# Smart Academic Advisor – RAG Pipeline

This notebook implements the core Retrieval-Augmented Generation (RAG) pipeline for the Smart Academic Advisor project.

We will:
- Load the processed academic dataset
- Prepare text fields for semantic embeddings
- (Later) Build a vector database and implement semantic search


### Step 1: Install required Python libraries

We install the libraries needed for embeddings, vector search, and data handling.


In [None]:
!pip install -q sentence-transformers faiss-cpu numpy pandas


### Step 2: Mount Google Drive and load the processed dataset

We mount Google Drive and load the academic advisor dataset from its JSON file into a Python list.


In [None]:
# Load the academic advisor dataset used in the main RAG notebook
from google.colab import drive
drive.mount('/content/drive')

data_path = "/content/drive/MyDrive/DAB_RAG_ZakyProject/data/processed/academic_advisor_rag_dataset.json"

with open(data_path, "r", encoding="utf-8") as f:
    data = json.load(f)

print("Dataset loaded ✅")
print("Total records:", len(data))
print("First record keys:", data[0].keys())

Drive already mounted at /content/drive; to attempt to forcibly remount, call drive.mount("/content/drive", force_remount=True).
Dataset loaded ✅
Total records: 5069
First record keys: dict_keys(['id', 'source_file', 'university', 'catalog_label', 'section', 'section_chunk_index', 'category', 'program', 'college', 'degree', 'level', 'text'])


### Step 3: Convert the JSON data into a Pandas DataFrame

We convert the list of JSON records into a DataFrame to make inspection and filtering easier.


In [None]:
import pandas as pd

# Convert list of dicts to DataFrame
df = pd.DataFrame(data)

print("DataFrame shape:", df.shape)
print("Columns:", df.columns.tolist())

# Show the first 3 rows
df.head(3)


DataFrame shape: (5069, 14)
Columns: ['id', 'source_file', 'university', 'catalog_label', 'section', 'section_chunk_index', 'category', 'program', 'college', 'degree', 'level', 'text', 'support_type', 'topic']
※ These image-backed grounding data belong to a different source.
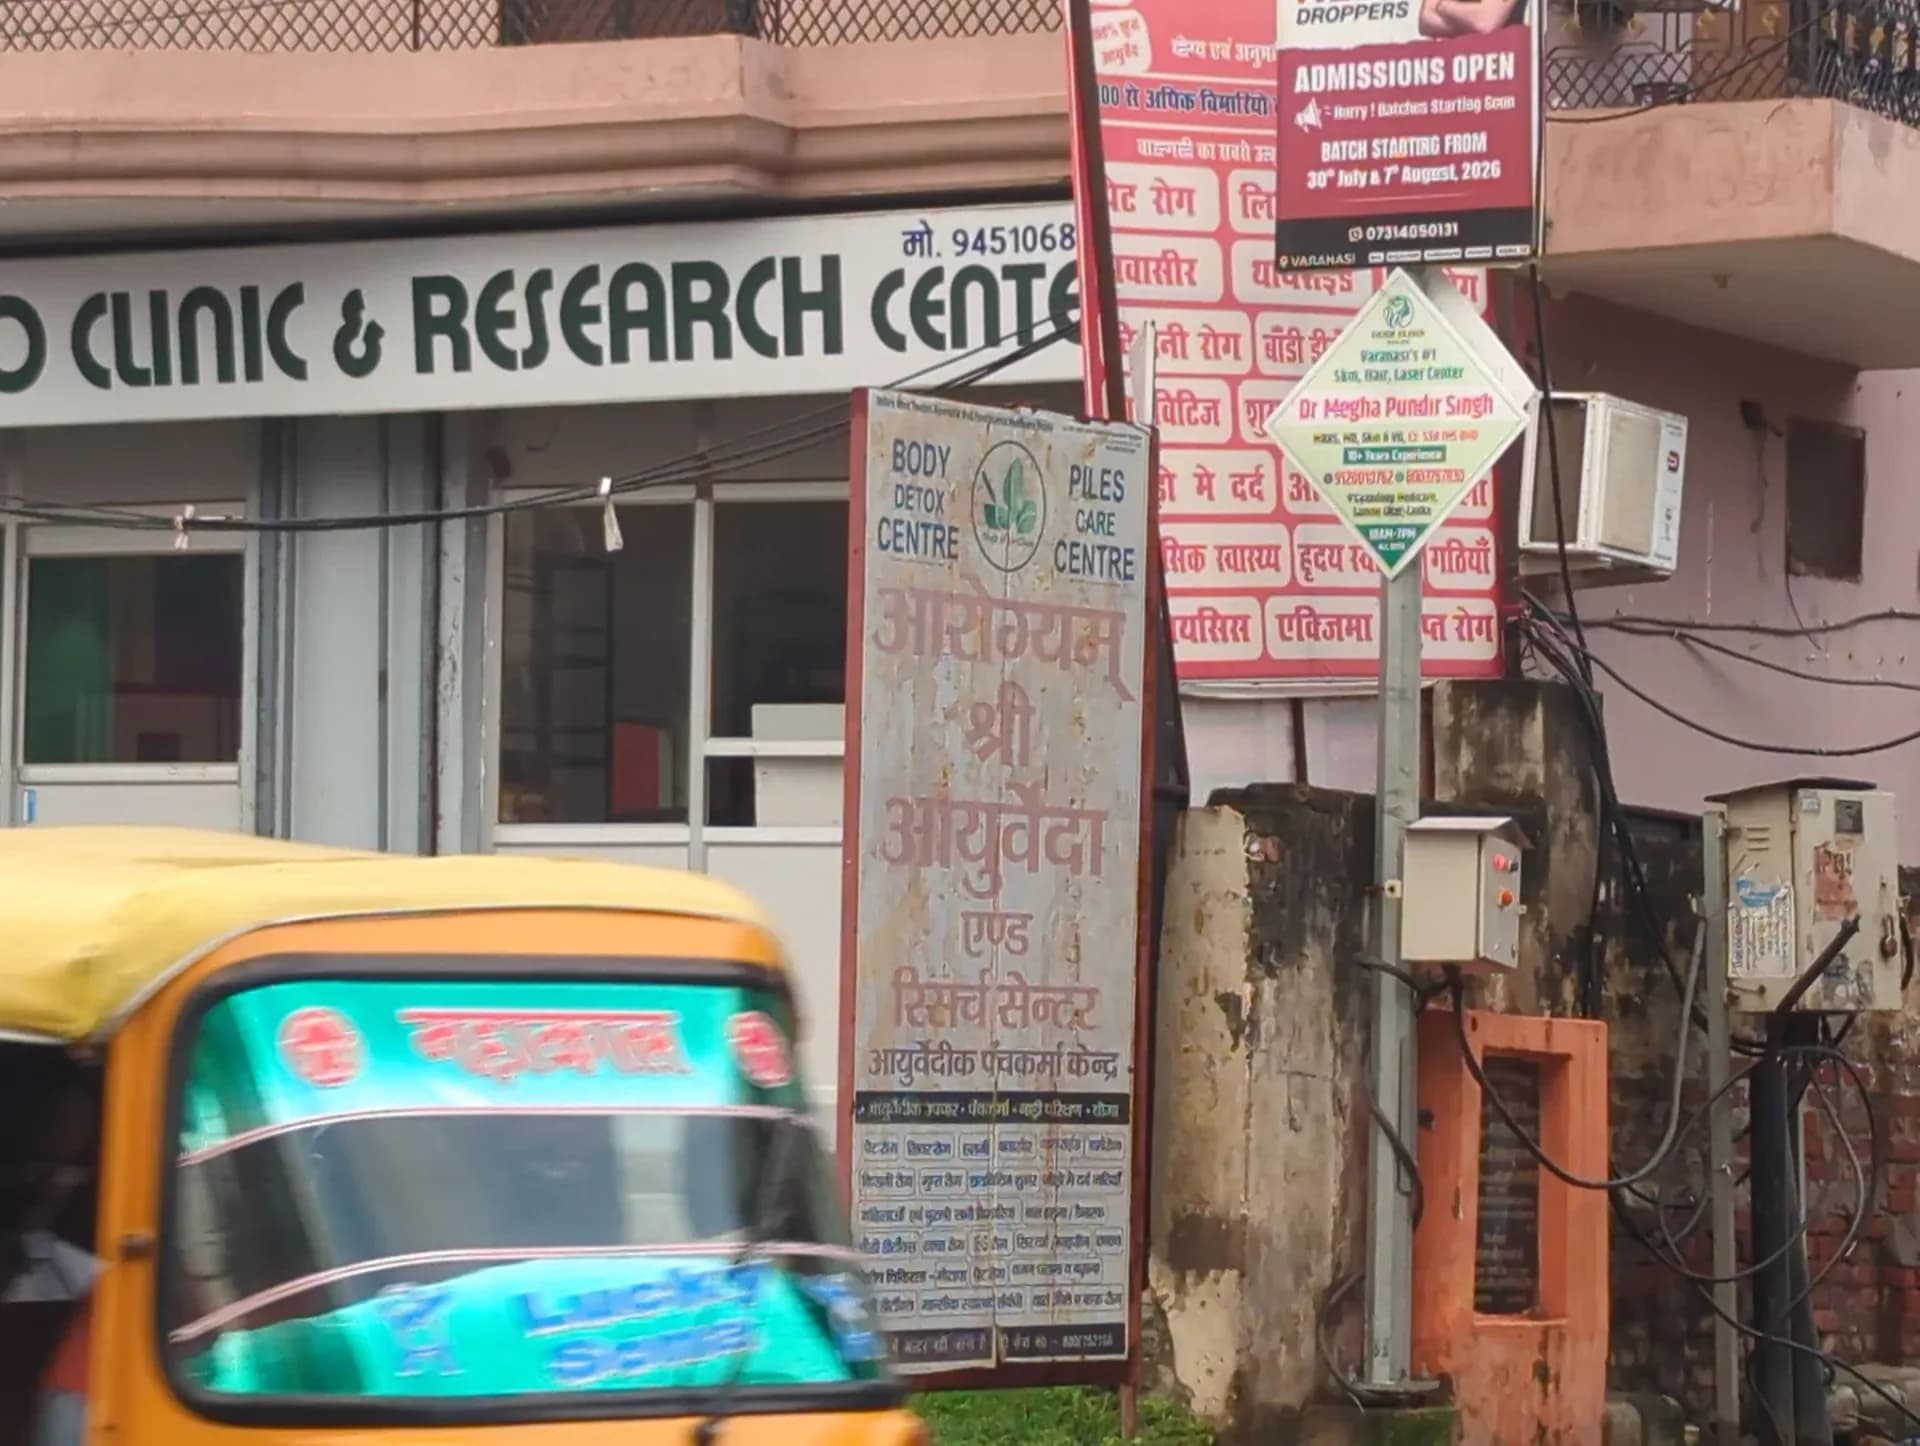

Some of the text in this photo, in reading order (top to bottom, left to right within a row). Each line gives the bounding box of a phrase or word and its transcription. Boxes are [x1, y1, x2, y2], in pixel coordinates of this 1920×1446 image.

[1296, 2, 1408, 25] DROPPERS
[1294, 52, 1515, 93] ADMISSIONS OPEN
[1334, 104, 1368, 121] Hurry
[1431, 98, 1481, 115] Starting
[1321, 132, 1487, 163] BATCH STARTING FROM
[1337, 168, 1366, 188] July
[1461, 160, 1501, 179] 2026
[1151, 178, 1195, 215] रोग
[903, 221, 1075, 258] मो. 9451068
[71, 280, 308, 390] CLINIC
[333, 288, 385, 378] &
[412, 254, 844, 374] RESEARCH
[1198, 325, 1241, 361] रोग
[1394, 366, 1424, 381] Laser
[1427, 366, 1464, 380] Center
[1300, 392, 1493, 422] Dr Megha Pundir Singh
[891, 438, 951, 478] BODY
[894, 483, 945, 514] DETOX
[1068, 464, 1125, 503] PILES
[1229, 464, 1265, 502] दर्द
[877, 516, 960, 560] CENTRE
[1075, 509, 1116, 537] CARE
[1053, 540, 1136, 581] CENTRE
[1452, 605, 1494, 644] रोग
[961, 911, 1034, 958] एण्ड
[892, 966, 1100, 1031] रिसर्च सेन्टर
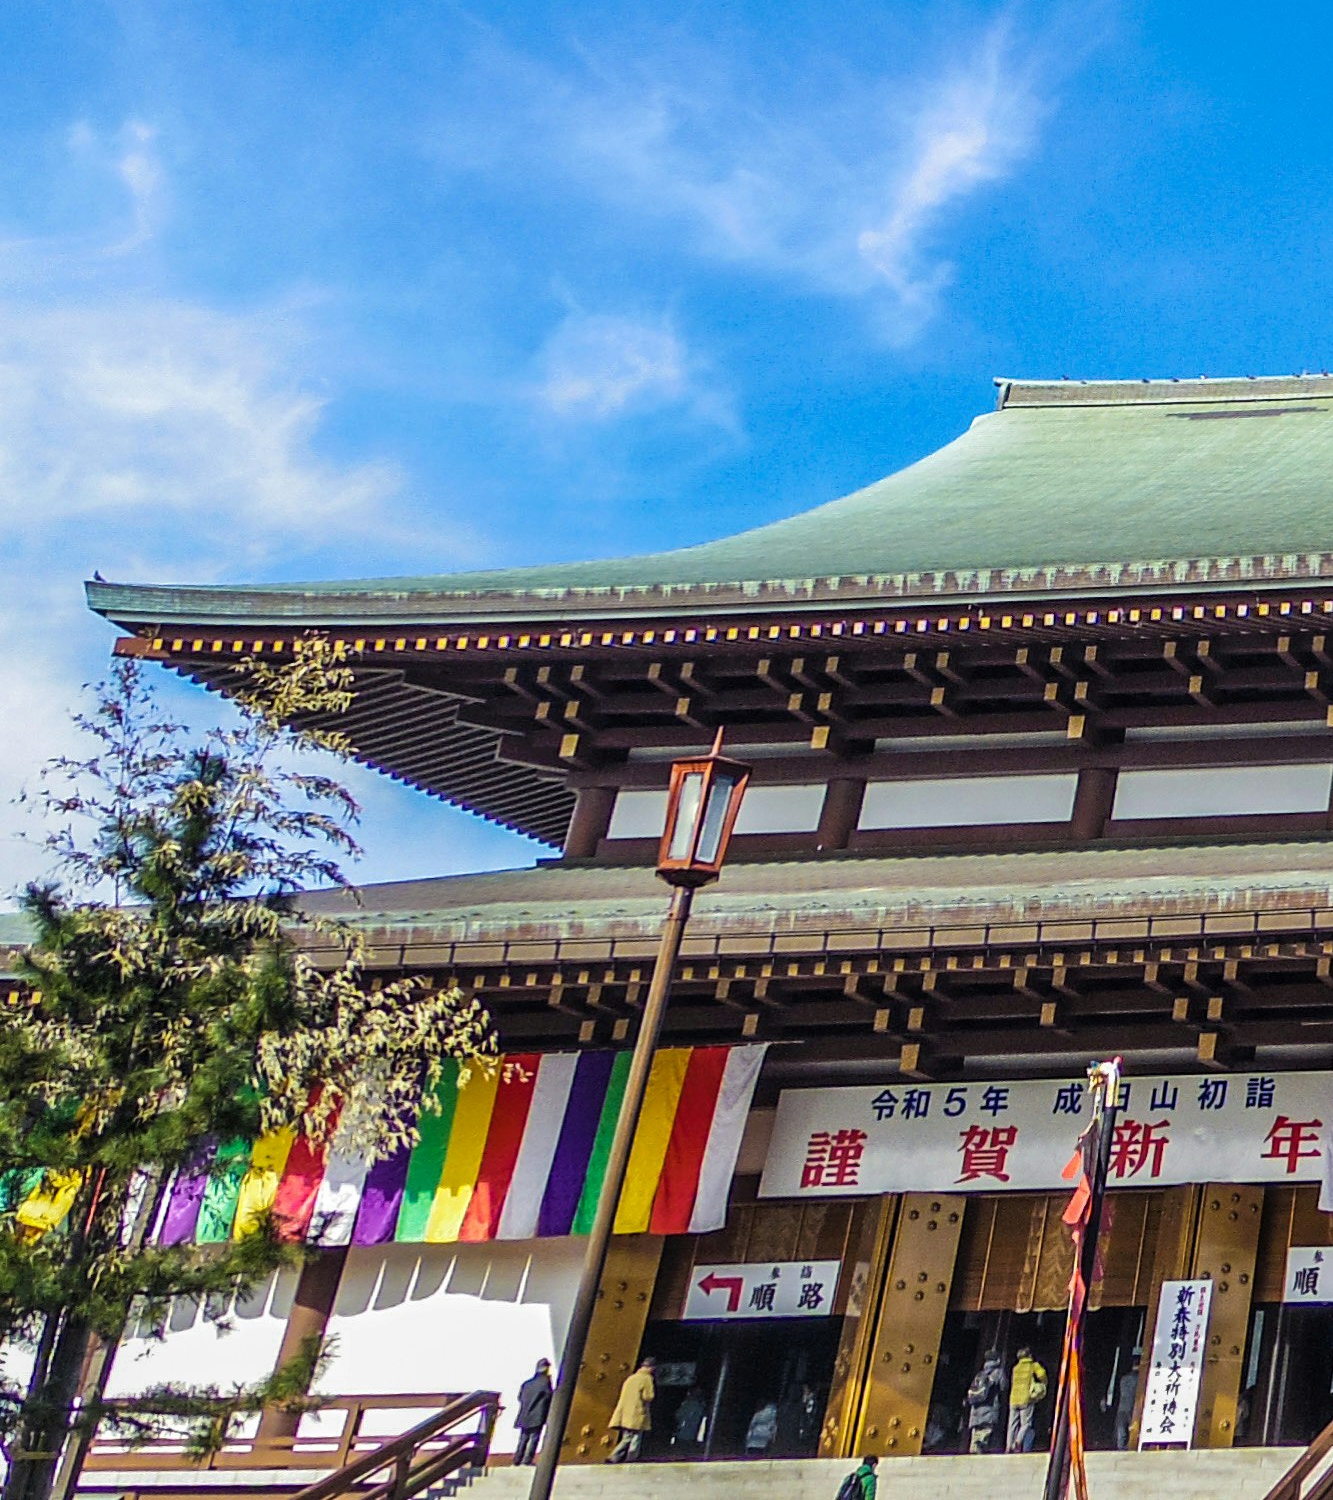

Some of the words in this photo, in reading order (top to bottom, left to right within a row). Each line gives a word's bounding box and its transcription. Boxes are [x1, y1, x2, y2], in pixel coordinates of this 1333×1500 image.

[870, 1086, 1011, 1122] 令和5年
[800, 1115, 1324, 1189] 謹賀新年
[749, 1281, 825, 1311] 順路
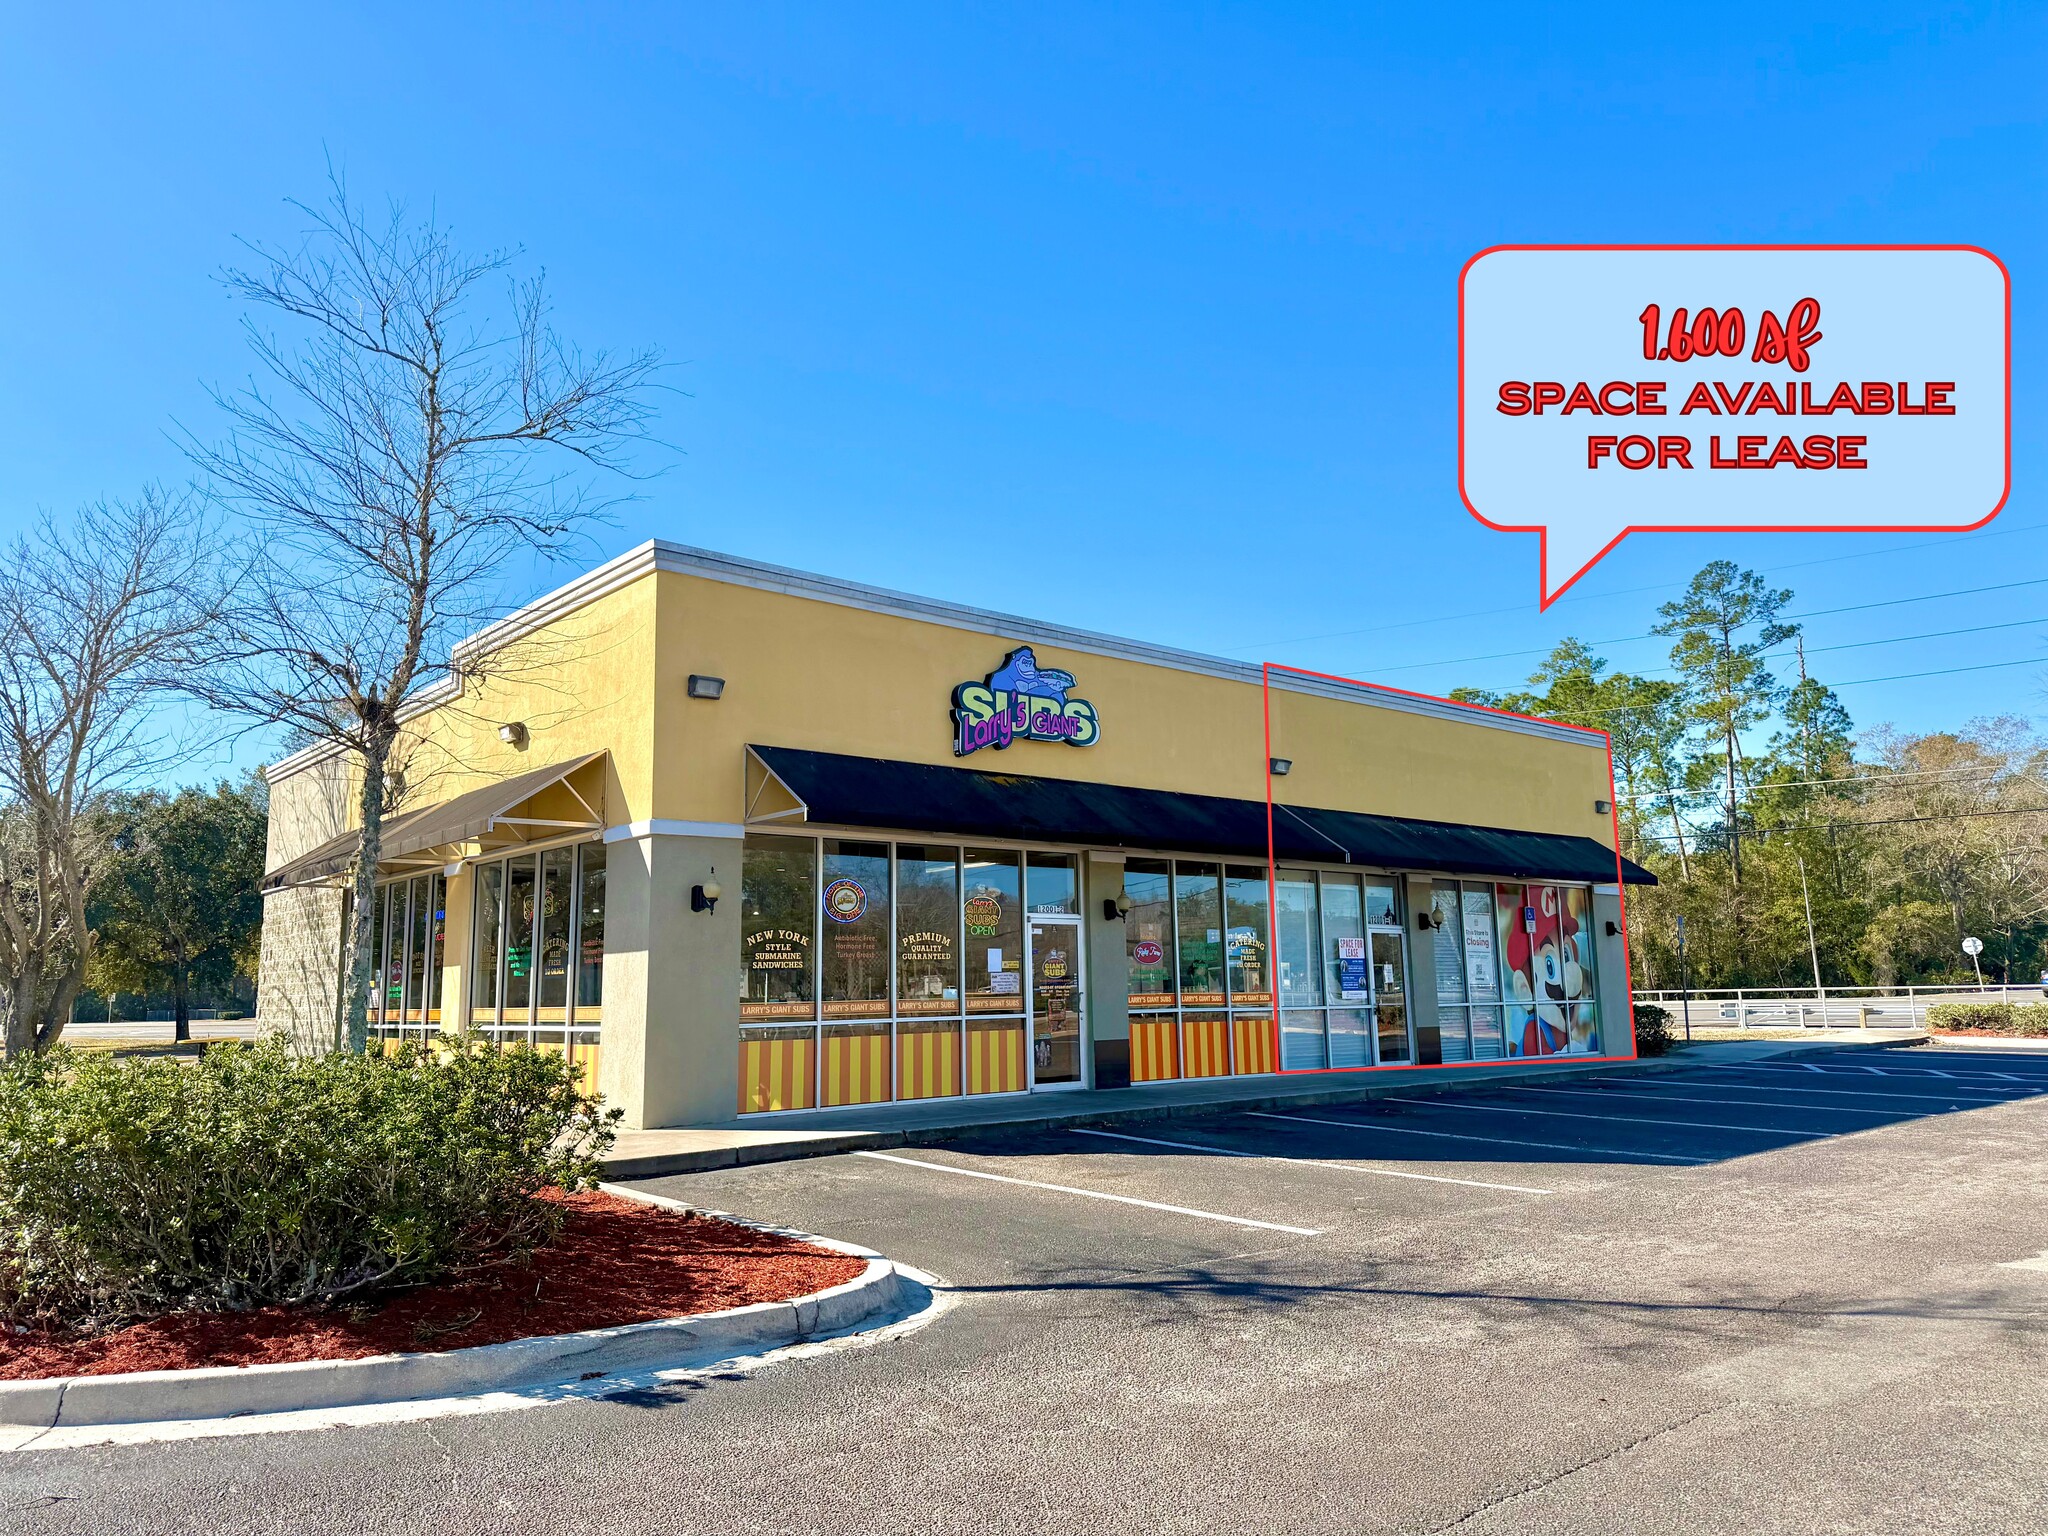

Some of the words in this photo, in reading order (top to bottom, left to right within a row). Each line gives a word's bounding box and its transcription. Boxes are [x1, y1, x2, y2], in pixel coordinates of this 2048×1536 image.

[964, 691, 1026, 751] Larry's
[1032, 711, 1080, 737] GIANT
[966, 906, 998, 914] GIANT
[966, 914, 999, 925] SUBS
[971, 926, 996, 936] OPEN
[746, 929, 774, 947] NEW
[778, 929, 810, 947] YORK
[902, 932, 951, 947] PREMIUM
[1467, 937, 1490, 949] Closing
[765, 943, 792, 951] STYLE
[1230, 938, 1265, 951] CATERING
[1340, 939, 1353, 949] SPACE
[1354, 939, 1363, 949] FOR
[755, 952, 802, 960] SUBMARINE
[837, 951, 855, 959] Turkey
[1346, 949, 1359, 958] LEASE
[752, 961, 803, 969] SANDWICHES
[1045, 969, 1066, 977] SUBS
[823, 1004, 849, 1012] LARRY'S
[850, 1003, 868, 1011] GIANT
[869, 1002, 885, 1010] SUBS
[967, 1000, 988, 1008] LARRY'S
[1006, 999, 1019, 1007] SUBS
[742, 1006, 770, 1015] LARRY'S
[771, 1005, 791, 1014] GIANT
[792, 1005, 810, 1013] SUBS
Unnamed: 0,id,source_file,university,catalog_label,section,section_chunk_index,category,program,college,degree,level,text,support_type,topic
0,1,csun_2025_2026_catalog,"California State University, Northridge",2025-2026 University Catalog,OEBPS/accounting.xhtml,0.0,general_academic,Accounting,David Nazarian College of Business and Economics,B.S.,undergraduate,Accounting\nAccounting\nDavid Nazarian College...,,
1,2,csun_2025_2026_catalog,"California State University, Northridge",2025-2026 University Catalog,OEBPS/accounting.xhtml,1.0,general_academic,Accounting,David Nazarian College of Business and Economics,B.S.,undergraduate,The Bachelor of Science in Accountancy (BSA) d...,,
2,3,csun_2025_2026_catalog,"California State University, Northridge",2025-2026 University Catalog,OEBPS/accounting.xhtml,2.0,general_academic,Accounting,David Nazarian College of Business and Economics,B.S.,undergraduate,Academic advisement helps students meet their ...,,


### Step 4: Build the input text used for semantic embeddings

We create a helper function that combines important metadata (program, degree, level, category) with the main text.
This richer context helps the embedding model capture academic meaning better.


In [None]:
def build_embedding_text(row):
    """
    Build a combined text string from metadata + main text.
    This will be passed to the embedding model.
    """
    parts = []

    # Add high-level academic context if available
    if "program" in row and pd.notna(row["program"]):
        parts.append(f"Program: {row['program']}")
    if "degree" in row and pd.notna(row["degree"]):
        parts.append(f"Degree: {row['degree']}")
    if "level" in row and pd.notna(row["level"]):
        parts.append(f"Level: {row['level']}")
    if "category" in row and pd.notna(row["category"]):
        parts.append(f"Category: {row['category']}")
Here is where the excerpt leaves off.